Adam Sonfield, senior policy manager and executive editor for Guttmacher Policy Review, says that even before the contraceptive mandate went into effect, most insurance plans were already covering a full range of contraceptive methods. The biggest change is that the ACA requires plans to cover every single method with no out-of-pocket costs.
“Plans weren’t necessarily doing all of that beforehand,” he says. “They were covering a wide array of methods, but not necessarily all of them, and they were trying to encourage women to use cheaper methods rather than ones that were more expensive up front for the insurance company. They were penny pinching in various ways, even though those methods that are more expensive up front may be cost saving for the insurance plan in the long run because they can be more effective. If this requirement were eliminated, it’s possible that we could see some insurance companies reverting back to what they did before.”
Even if contraception remains available, higher prices for birth control will effectively limit some lower-income women’s options. A survey commissioned by the Planned Parenthood Action Fund in 2010 found that a third of women surveyed struggled to pay for prescription birth control, which at the time cost $15–$50 each month.
Despite the evidence, some politicians—namely, Trump’s pick for health and human services secretary, U.S. Representative Tom Price, R-Georgia—have denied that any woman has trouble paying for birth control.
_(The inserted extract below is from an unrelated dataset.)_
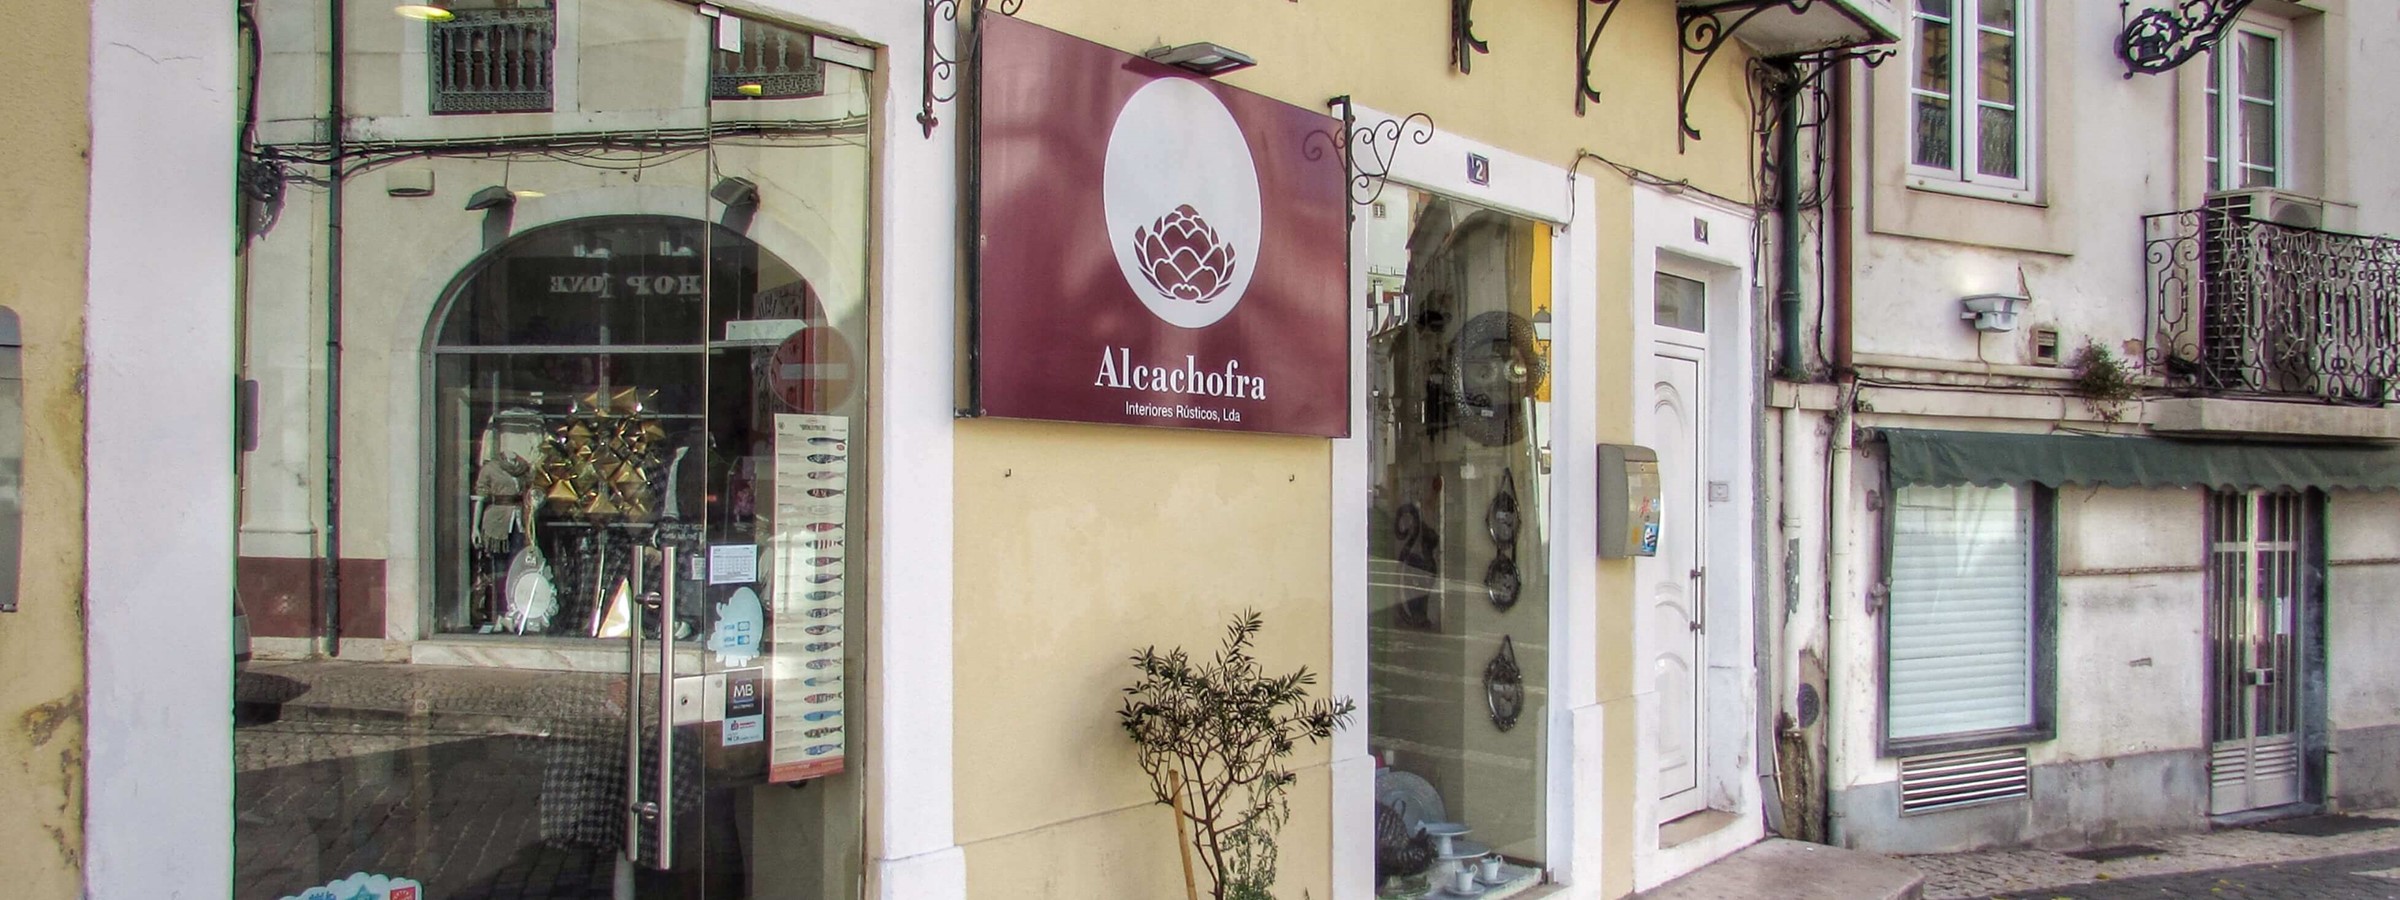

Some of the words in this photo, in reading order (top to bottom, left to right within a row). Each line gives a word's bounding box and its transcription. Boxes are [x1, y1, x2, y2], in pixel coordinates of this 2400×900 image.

At the 2012 Conservative Political Action Conference, Price said, “Bring me one woman who has been left behind. Being me one. There’s not one.”
Price has consistently voted in opposition to the ACA’s federal contraceptive mandate, which he and other conservatives view as antithetical to religious liberty. (In the 2014 case Burwell v. Hobby Lobby, the U.S. Supreme Court ruled that “closely held” for-profit corporations could claim an exemption to the mandate.) There are several ways in which the new administration could attack it.
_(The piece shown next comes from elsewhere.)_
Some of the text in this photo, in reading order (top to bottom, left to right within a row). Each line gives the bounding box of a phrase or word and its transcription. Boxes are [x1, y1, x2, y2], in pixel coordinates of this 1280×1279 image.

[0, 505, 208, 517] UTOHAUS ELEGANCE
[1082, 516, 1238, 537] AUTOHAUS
The administration could decide to no longer endorse the recommendation made by the Department of Health and Human Services in 2011, which included contraception in the list of preventative services for women that should be covered under Obamacare. Trump could also expand the current exemption for employers who invoke a religious objection to birth control. Or, with the help of Congress, the administration could repeal or modify the Affordable Care Act, and with it the birth control provision.
“The birth control provision has helped tens of millions of women in the country,” Sonfield says. “It has reduced a cost barrier to women choosing the contraceptive method that works best for them at a given point in their lives, and to plan whether and when to have children, with all the benefits that means for them in terms of helping them stay in school and get a good job and care for their family. Undermining or eliminating this provision would do a lot of harm to a lot of people.”
The uncertainty has made some women who are satisfied with oral contraceptives look into longer-term options.
“I’ve considered getting an IUD a couple of times, but birth control in the pill form has always worked for me,” says Sarah Nolan, a Duke graduate student. “It’s weird to have this very personal decision made for me due to circumstances very outside of my control.”
Nolan will turn twenty-six one month after Trump takes office. She’ll be forced off her parents’ health insurance and on that of her employer.
“Right now I’m on the birth control pill, which is great, and it’s free to me through my parents’ health insurance every month,” she says. “I don’t have to do an economic calculation every time I go to pick up my prescription; it’s just there as part of my health care system. In a few months, I might have to put a monetary value on it—how much is that convenience of a birth control method that works for me worth in terms of dollars? Do I have those funds in my monthly budget? It might not end up being all that much, but if you add up a twenty- or thirty-dollar copay each month over a year, it starts to seem more significant.”
This article appeared in the Dec. 7, 2016 issue of Indy Week.